Assigned task: Nothing but the lines from the one holding "Some of the words" through the last line of the material below should be set down, exactly and without images.

Supplied records:
= Beginning of Section =

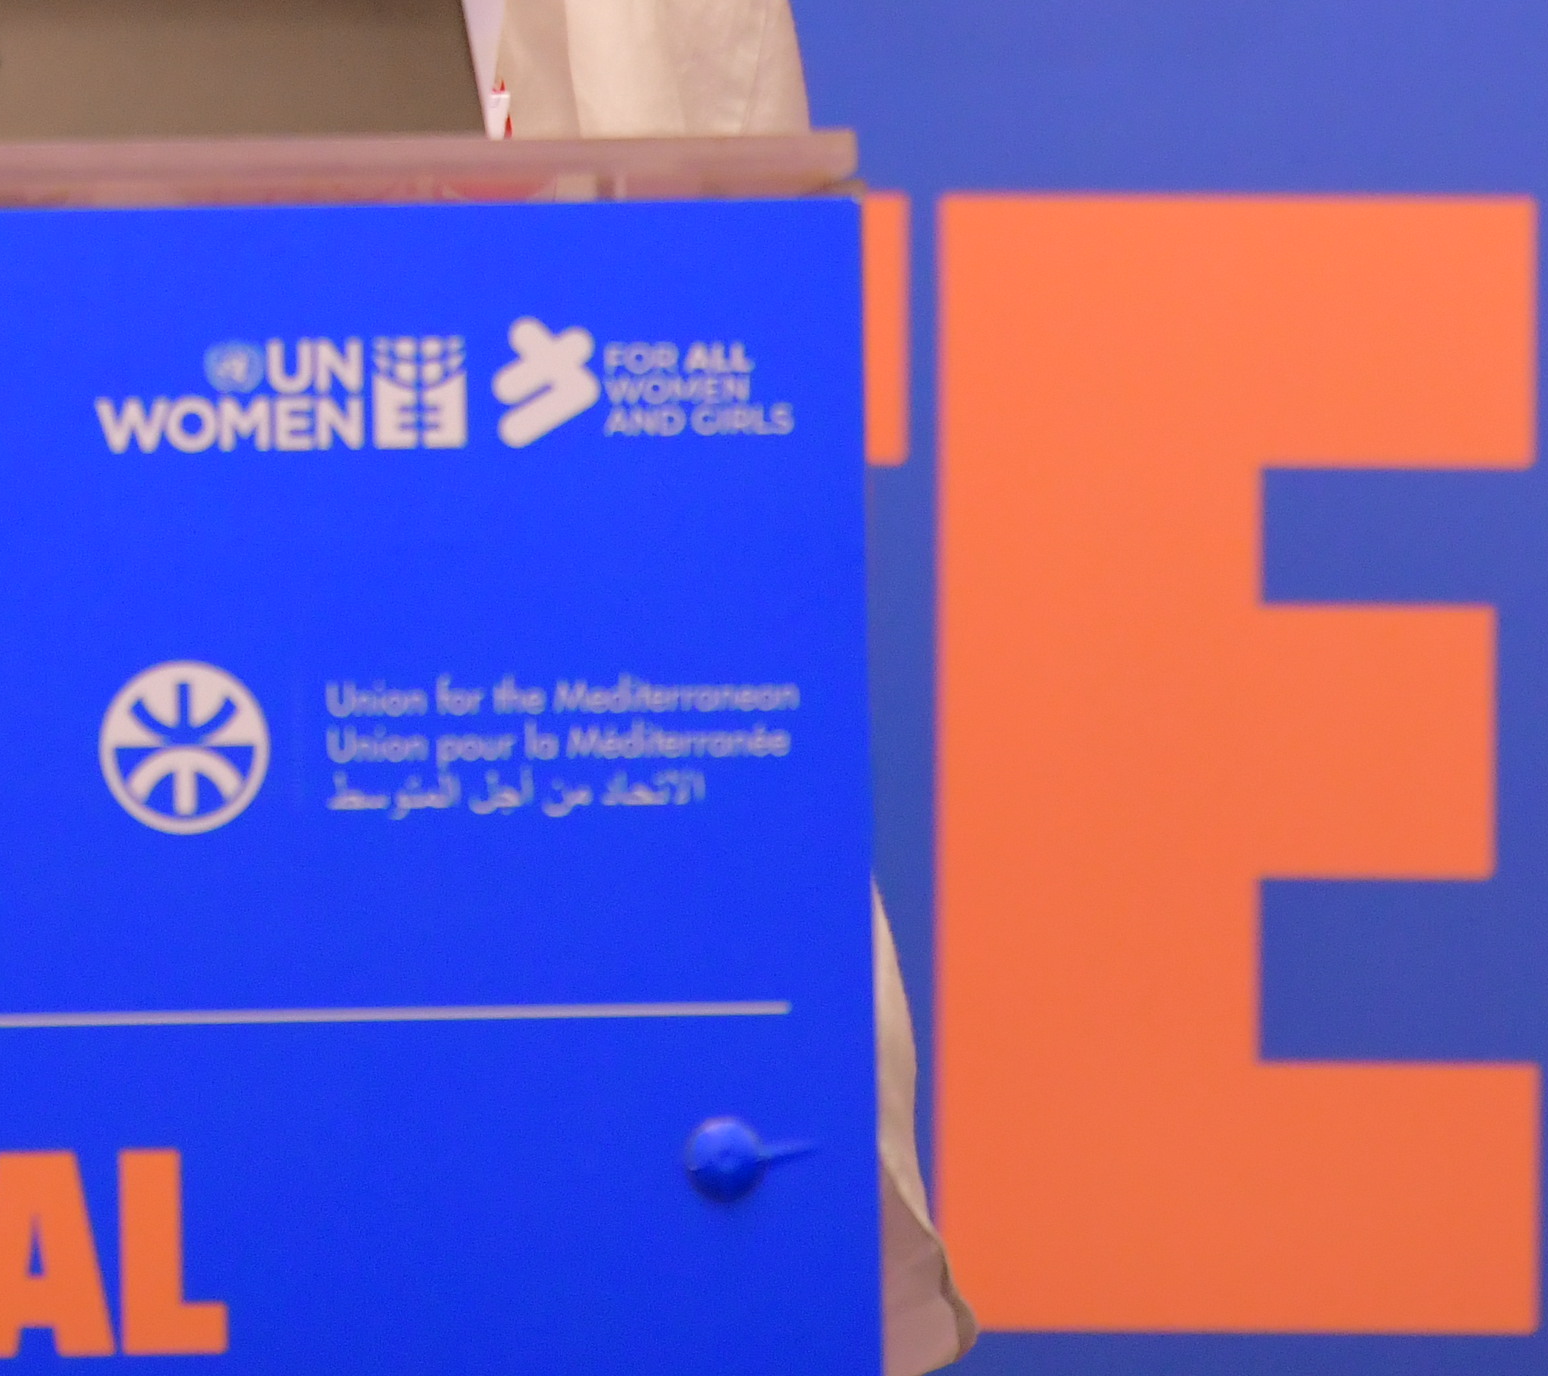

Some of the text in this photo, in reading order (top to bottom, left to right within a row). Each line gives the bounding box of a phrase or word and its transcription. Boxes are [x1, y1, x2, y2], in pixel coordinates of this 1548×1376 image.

[265, 335, 364, 394] UN
[604, 340, 755, 375] FOR ALL
[604, 372, 750, 405] WOMEN
[94, 394, 365, 454] WOMEN
[604, 402, 795, 437] AND GIRLS
[326, 672, 801, 718] Union for the Mediterranean
[326, 725, 430, 764] Union
[436, 734, 517, 773] pour
[524, 718, 559, 761] la
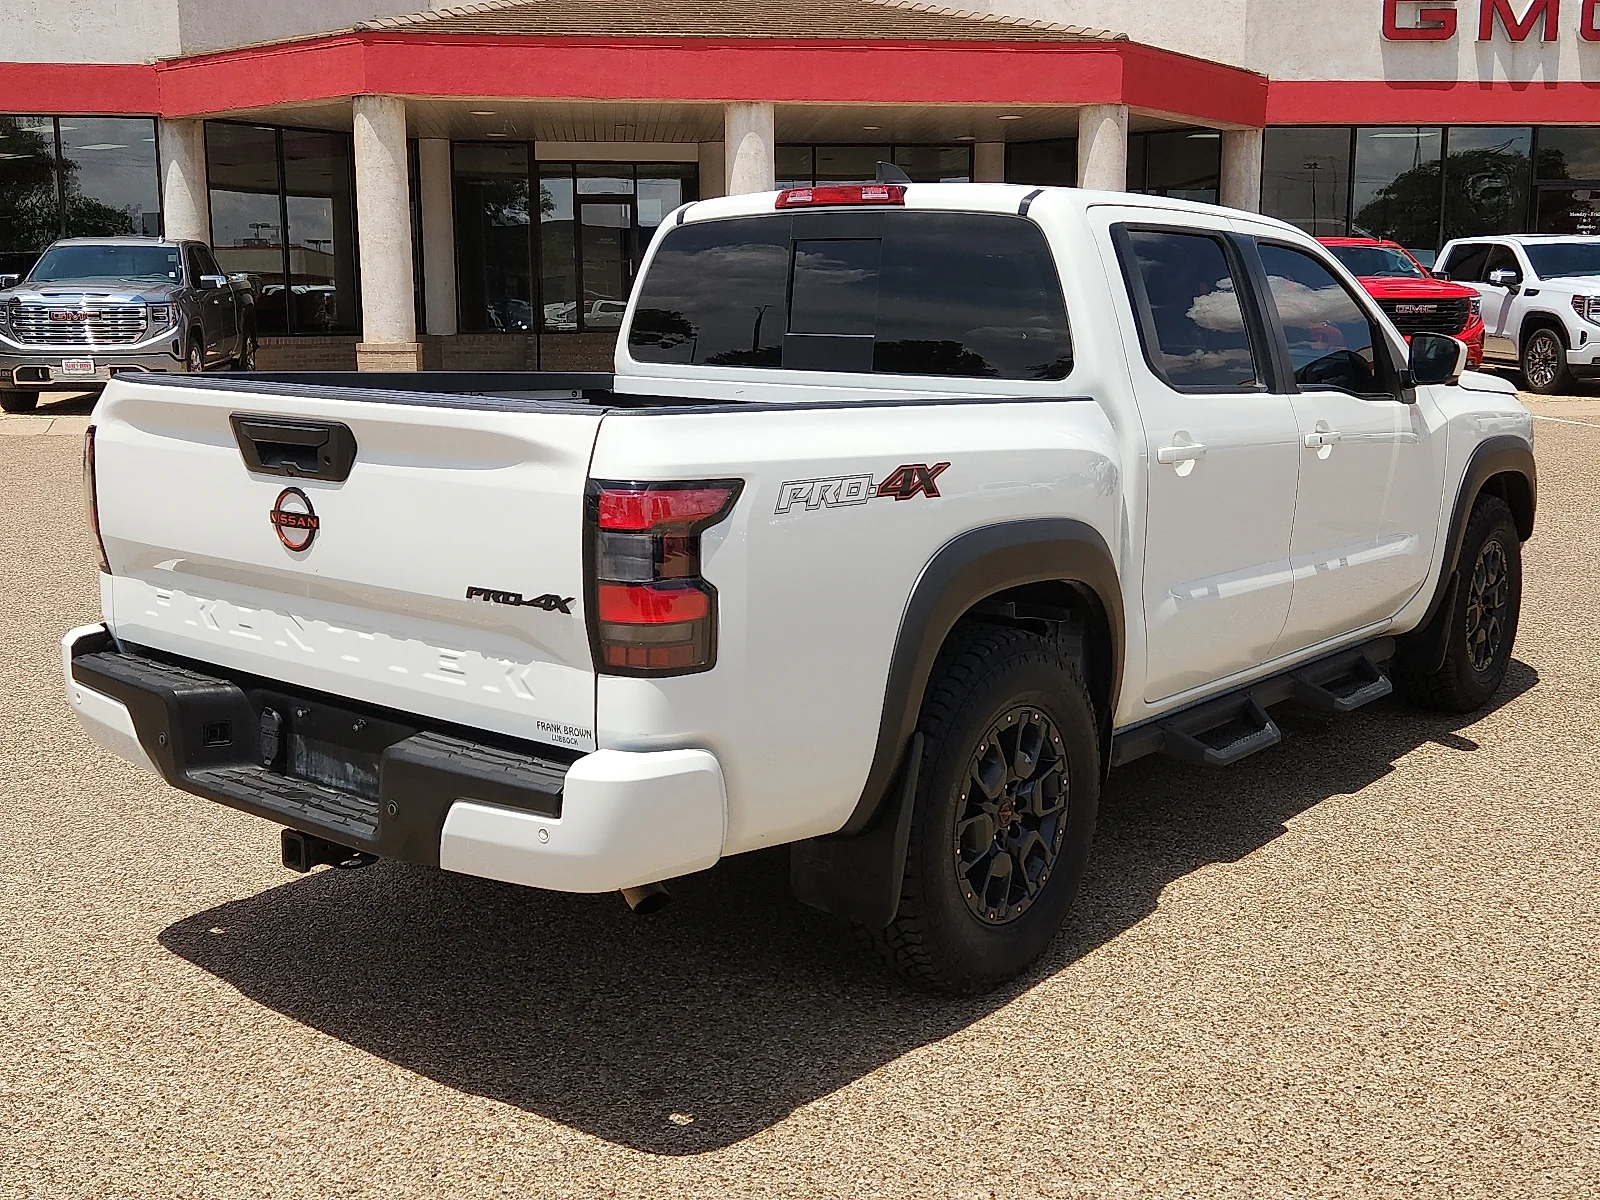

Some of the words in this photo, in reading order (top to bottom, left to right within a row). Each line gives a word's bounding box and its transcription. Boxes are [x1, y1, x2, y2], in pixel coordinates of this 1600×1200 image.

[1382, 0, 1600, 41] GM
[51, 311, 100, 320] GMC
[1395, 304, 1438, 314] GMC
[773, 461, 952, 515] PRO-4X
[271, 512, 318, 528] NISSAN
[465, 586, 577, 615] PRO-4X
[536, 720, 562, 734] FRANK
[563, 725, 592, 739] BROWN
[551, 734, 579, 745] LUBBOCK
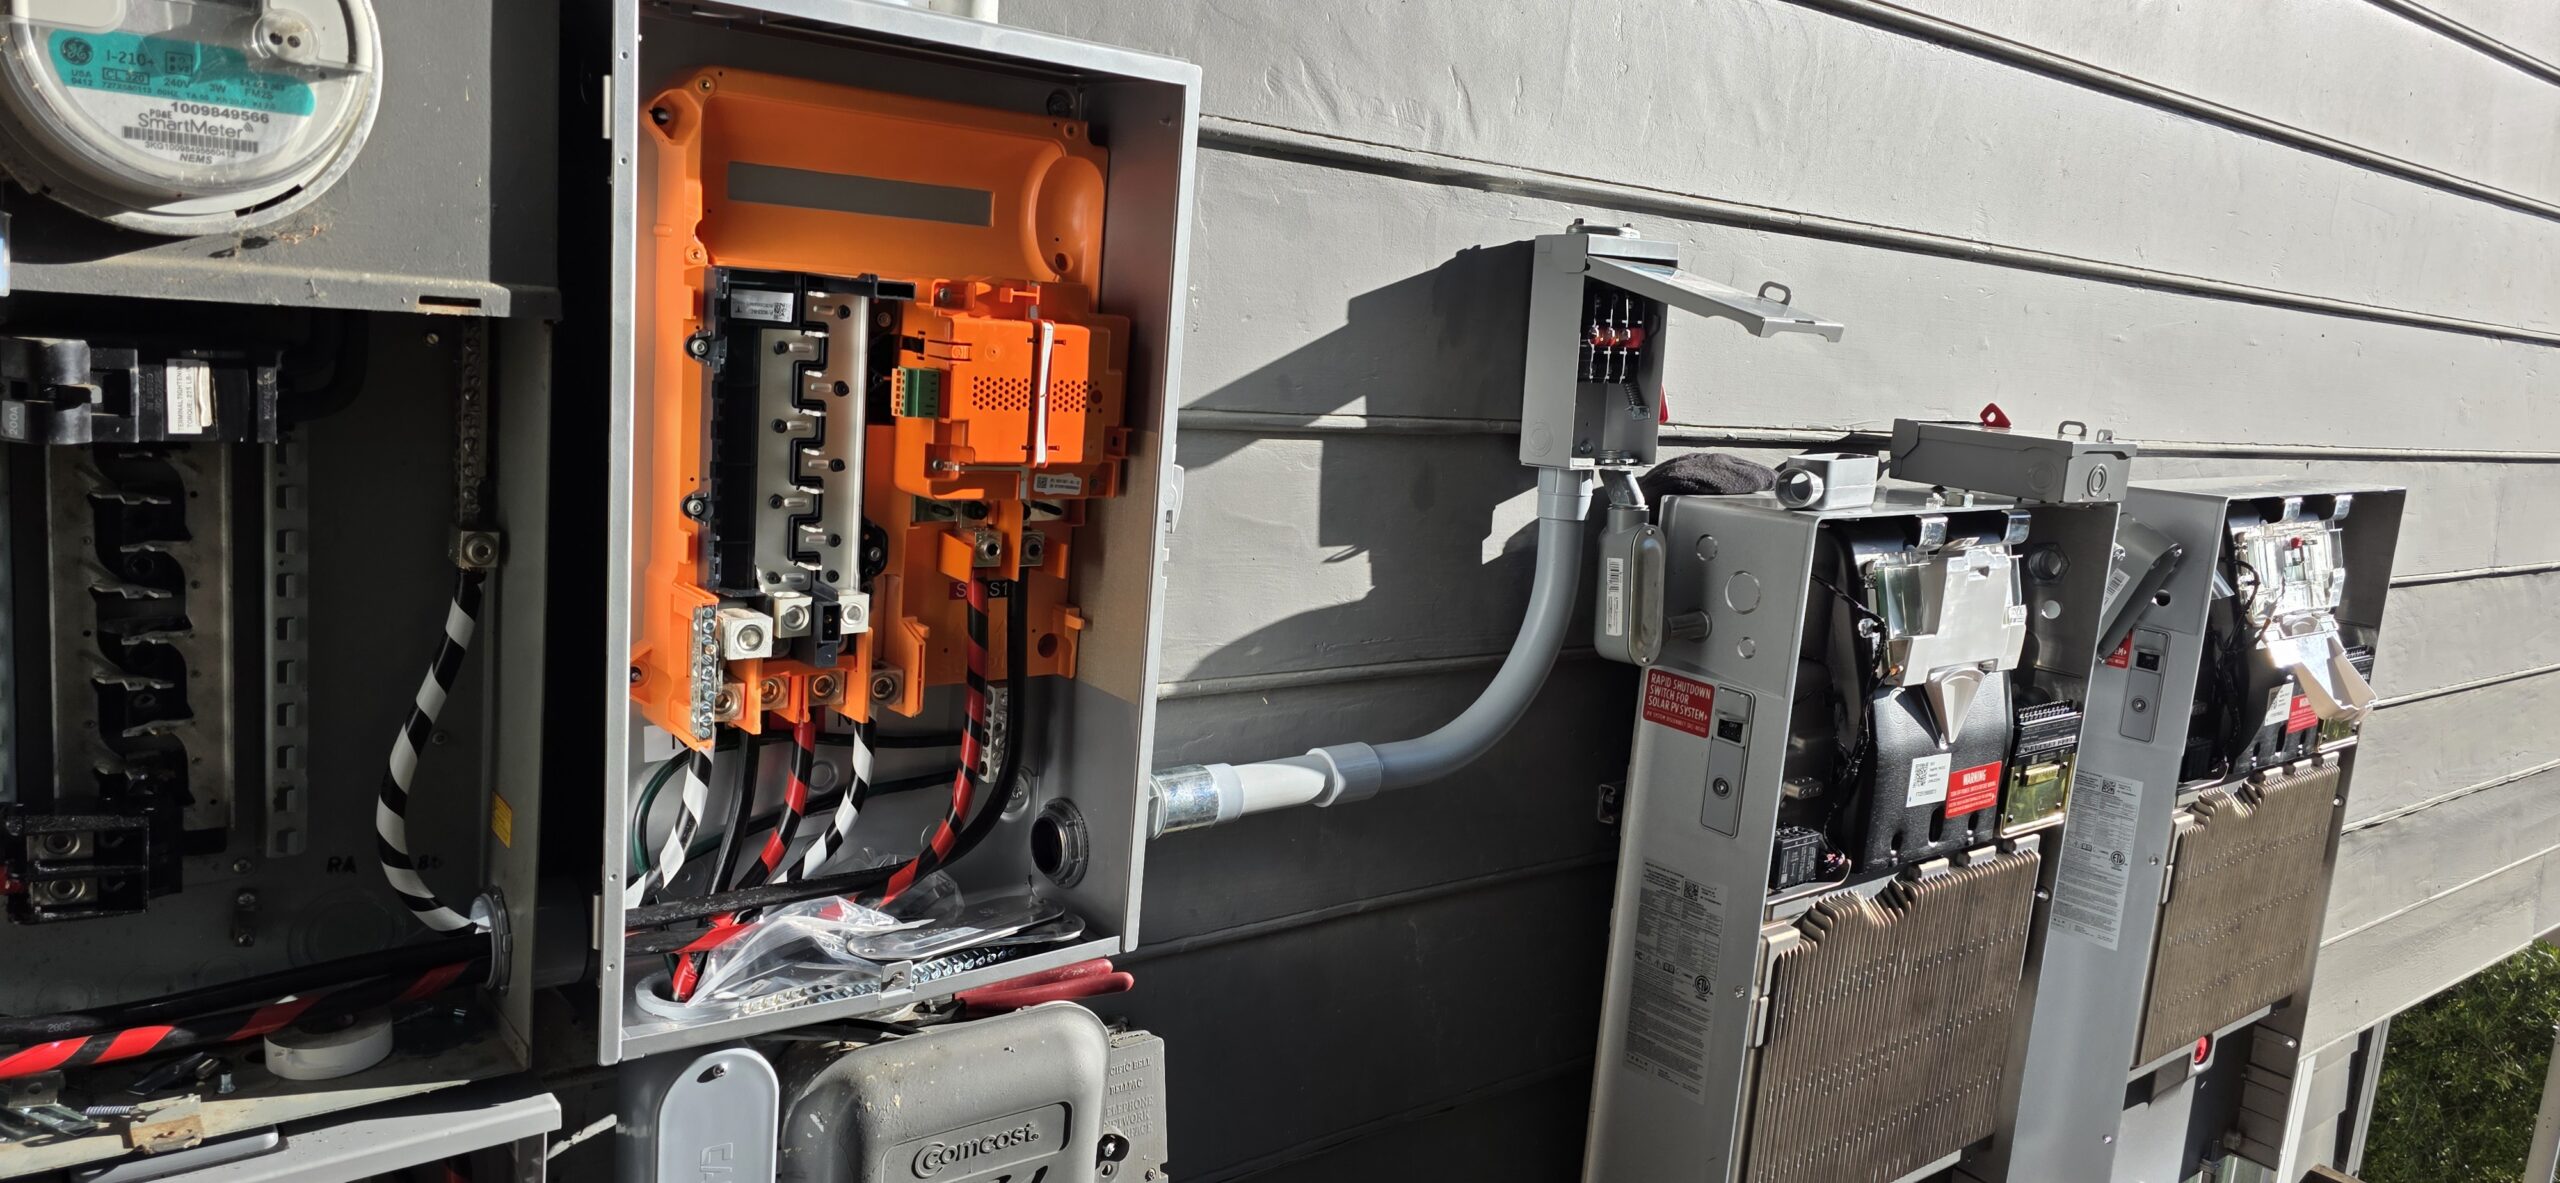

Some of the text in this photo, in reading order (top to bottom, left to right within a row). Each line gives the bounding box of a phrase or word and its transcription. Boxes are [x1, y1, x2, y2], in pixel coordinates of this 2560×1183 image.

[164, 78, 191, 89] 240V
[149, 108, 172, 119] PG&E
[171, 102, 270, 124] 1009849566
[138, 113, 243, 138] SmartMeter
[179, 153, 213, 165] NEMS
[8, 405, 19, 435] 200A
[989, 582, 1008, 597] S1
[1650, 685, 1690, 705] SWITCH FOR
[1651, 673, 1711, 699] RAPID SHUTDOWN
[1648, 695, 1705, 721] SOLAR PV SYSTEM
[326, 856, 357, 873] RA
[1109, 1057, 1151, 1076] CIFIC BELL
[1105, 1096, 1153, 1116] ELEPHONE

= End of Section =

Result of this exercise:
Some of the words in this photo, in reading order (top to bottom, left to right within a row). Each line gives a word's bounding box and its transcription. Boxes are [x1, y1, x2, y2], in pixel coordinates of this 1600×1200 image.

[1382, 0, 1600, 41] GM
[51, 311, 100, 320] GMC
[1395, 304, 1438, 314] GMC
[773, 461, 952, 515] PRO-4X
[271, 512, 318, 528] NISSAN
[465, 586, 577, 615] PRO-4X
[536, 720, 562, 734] FRANK
[563, 725, 592, 739] BROWN
[551, 734, 579, 745] LUBBOCK

Some of the text in this photo, in reading order (top to bottom, left to right within a row). Each line gives the bounding box of a phrase or word and its transcription. Boxes are [x1, y1, x2, y2], in pixel coordinates of this 2560×1183 image.

[164, 78, 191, 89] 240V
[149, 108, 172, 119] PG&E
[171, 102, 270, 124] 1009849566
[138, 113, 243, 138] SmartMeter
[179, 153, 213, 165] NEMS
[8, 405, 19, 435] 200A
[989, 582, 1008, 597] S1
[1650, 685, 1690, 705] SWITCH FOR
[1651, 673, 1711, 699] RAPID SHUTDOWN
[1648, 695, 1705, 721] SOLAR PV SYSTEM
[326, 856, 357, 873] RA
[1109, 1057, 1151, 1076] CIFIC BELL
[1105, 1096, 1153, 1116] ELEPHONE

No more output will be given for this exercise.